WINDY! The wind started whipping at 2 am suddenly, but at 6 am there was not a cloud in the sky, no moisture, and no leaves on the trees. A nip in the air today but living in Central Oregon every day is different. Tomorrow could be gloomy or above 60 degrees. The Cascade Mountains do not have any significant amount of new snow visible from the front deck.
   Yesterday the girls (15 bred ewes) decided they wanted to visit with their friends (ewe lambs and retirees) in the other dry lot (winter feeding area), so they simply rubbed on the field fence which pulled down the 6 x 6 railroad timber planted in concrete, and proceeded to walk through the gate. Thinking we were caught up on big projects for the fall was foolishness. I'm hoping the weather holds so the fence can be repaired sooner rather than later. Or in practical terms, sometime before lambs arrive in mid-February so I can regroup the ewes as necessary.
   Knitting projects completed to date for Christmas gifts: 2 pair children's socks. Not nearly enough for the 5 grandchildren so I must focus, focus, focus. Oh, and one Christmas stocking for the last granddaughter that is now 1 1/2 years old.
   With Thanksgiving just around the corner there is need to gather the women of the family to decide the protocol for the day. And planning for Christmas Day as well. Having adult children is no easy affair to work around, plus the inlaws and outlaws. However, we all manage to sit down to a wonderful meal together after watching The Parade after the turkey is in the oven. We started this tradition when the kids were little, about 25 years ago. Then sometime in the evening when we are stuffed and not the turkey anymore, we watch 'It's a Wonderful Life' and/or 'White Christmas'. Had to buy the DVD as we wore out the VHS a few years back. Gotta have a cuppa Hot Buttered Rum (with or without the rum) and another piece of pie. Enjoy!

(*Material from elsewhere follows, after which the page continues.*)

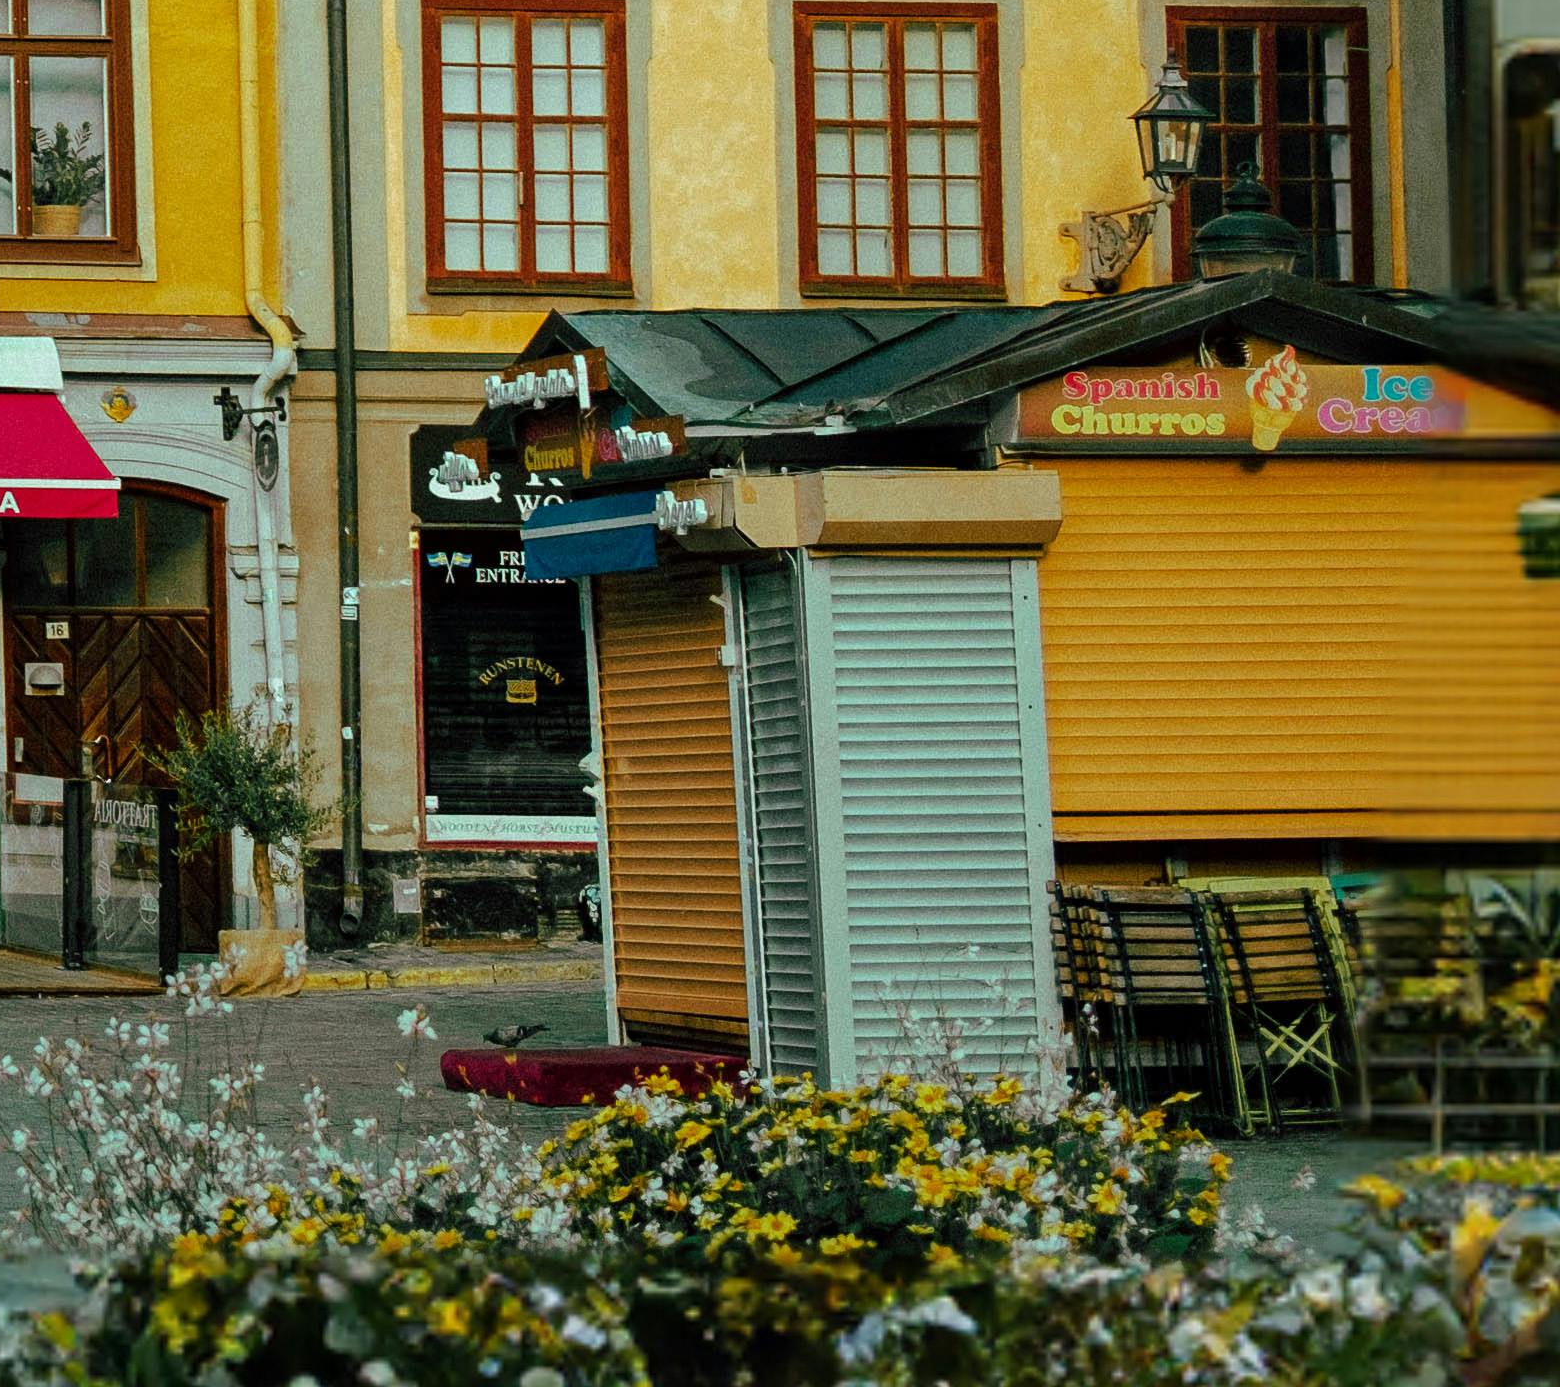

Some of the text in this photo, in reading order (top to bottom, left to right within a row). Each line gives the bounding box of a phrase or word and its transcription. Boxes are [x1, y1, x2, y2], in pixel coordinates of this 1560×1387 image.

Wednesday, November 3, 2010

Life at Tumble Creek Farm

Tumble Creek Farm is home to beautiful Bluefaced Leicesters, located in sunny central Oregon. Our Blues enjoy irrigated pastures, Cascade mountain views, a change of seasons, and many visitors. Some even travel to local shows and fairs to show off their lovely fleeces, conformation and their gentle personalities.
   Bluefaced Leicesters originated in northern England in the late 1800's and the US flocks began in the late 1990's. Tumble Creek Farm has been raising Blues since 2001 for breeding stock and fabulous fiber. Our rams have gone to work on several commercial flocks and our ewes are producing lambs for the next generations. Through the import of semen from the UK we are able to introduce new bloodlines into our flock via LAI (laproscopic artificial insemination). The soft and silky Bluefaced Leicester fleece is very desirable for handspinners and fiber artists.
   Tumble Creek Farm has a small studio featuring Bluefaced Leicester fleeces, white roving and dyed locks. Contact tumblecreekfarm@gmail.com for an appointment to shop or visit the sheep.
   Start your flock today. Tumble Creek Farm has Bluefaced Leicesters of all ages in white and natural colored fleece. We are taking reservations for the lambs due to arrive in February. The flock is certified scrapie free, enrolled in the export monitored program, tested negative OPP, and the rams are all codon 171 tested.
   Enjoy reading this post and see what changes take place on Tumble Creek Farm. Our weather changes frequently as do our activities with each season.  Friends and family are always around doing the odd chore whether it is with the sheep, chickens or garden.